One small part of her mind thought, That’s ridiculous, that isn’t what causes Alzheimer’s, but she didn’t say it, couldn’t say it. Belated understanding pounded at her, memories of words that she hadn’t comprehended, that she’d misinterpreted, thudding like the medicine ball hitting the gymnasium wall.
Kit asking her if people in car accidents had NDEs, if they were pleasant. “They’re not frightening, are they?” she’d said. And “My aunt made me read The Light at the End of the Tunnel after—” and, “Uncle Pat was very kind to me,” saying, “Sometimes he relives past events.”
She should have seen it. Kit’s thinness, her shadowed eyes, the
photo of her and the blond young man, smiling, and Mr. Briarley saying, “Kevin should be here by now,” quoting, “ ‘The bride hath paced into the hall.’ ”
Oh, my God, Joanna thought, horrified, I made her watch Runaway Bride!

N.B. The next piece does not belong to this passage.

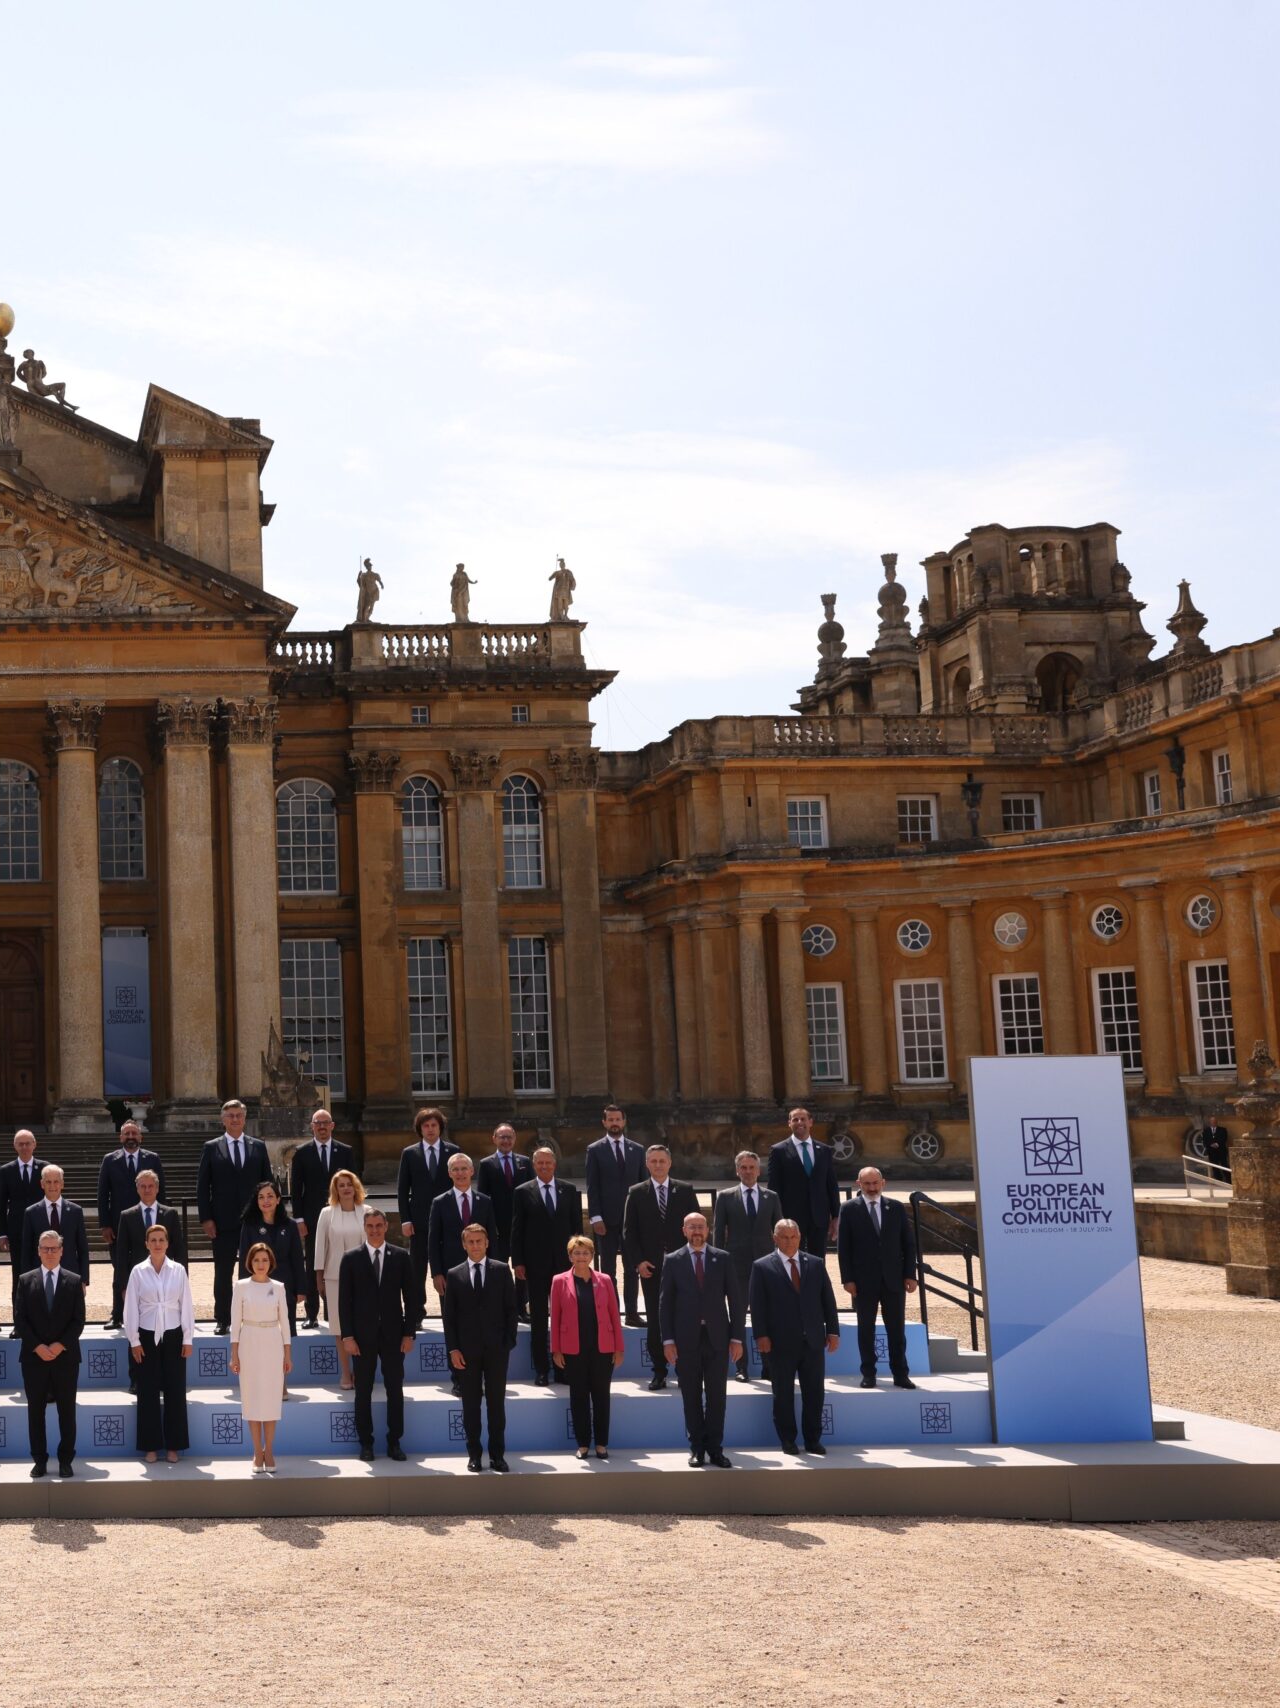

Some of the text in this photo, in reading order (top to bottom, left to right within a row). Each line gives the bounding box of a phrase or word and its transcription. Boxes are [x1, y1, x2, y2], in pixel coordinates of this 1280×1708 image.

“My sister knew this girl who was there and she said it was just tragic,” Betty was saying. “I guess she was already in her wedding dress and everything.”
Did it have a train? Joanna wondered, feeling sick. “Which wedding dress do you like the best?” she’d asked Kit. “I want a big wedding, with all the trimmings,” Vielle had said.
“And since you said you’d gone over to see Mr. Briarley, I thought you should know so you wouldn’t put your foot in it.”
Put my foot in it, Joanna thought. She had sat there in the kitchen, casually discussing near-death experiences, blithely telling Kit heaven was a hallucination of the dying brain.
I have to call Kit, she thought, I have to tell her how sorry I am, and hung up unceremoniously on the still-chattering Betty. She punched in Kit’s number and then hung up and went to see her instead.
I was going to rescue her, she thought. I was going to play W. S. Gilbert and save her from drowning, so I invited her over to Vielle’s to discuss weddings and watch a movie with no less than five of them in it. She remembered Kit’s intentness watching it, as if she were afraid there was going to be a test, but the movie itself was the test. No, wrong word. Ordeal. Trial by fire.
I couldn’t have done worse if I’d tried, she thought, getting out of the car and going up the walk. And what do I say to her now? I’m sorry I tortured you, I was too stupid to put two and two together?
She didn’t have to say anything. Kit said, looking like she’d just been arrested for a crime, “How’d you find out?” She opened the door, shivering in a halter top, capri pants, and no shoes, and to Joanna she looked even thinner and more drawn, or was that only because now she knew?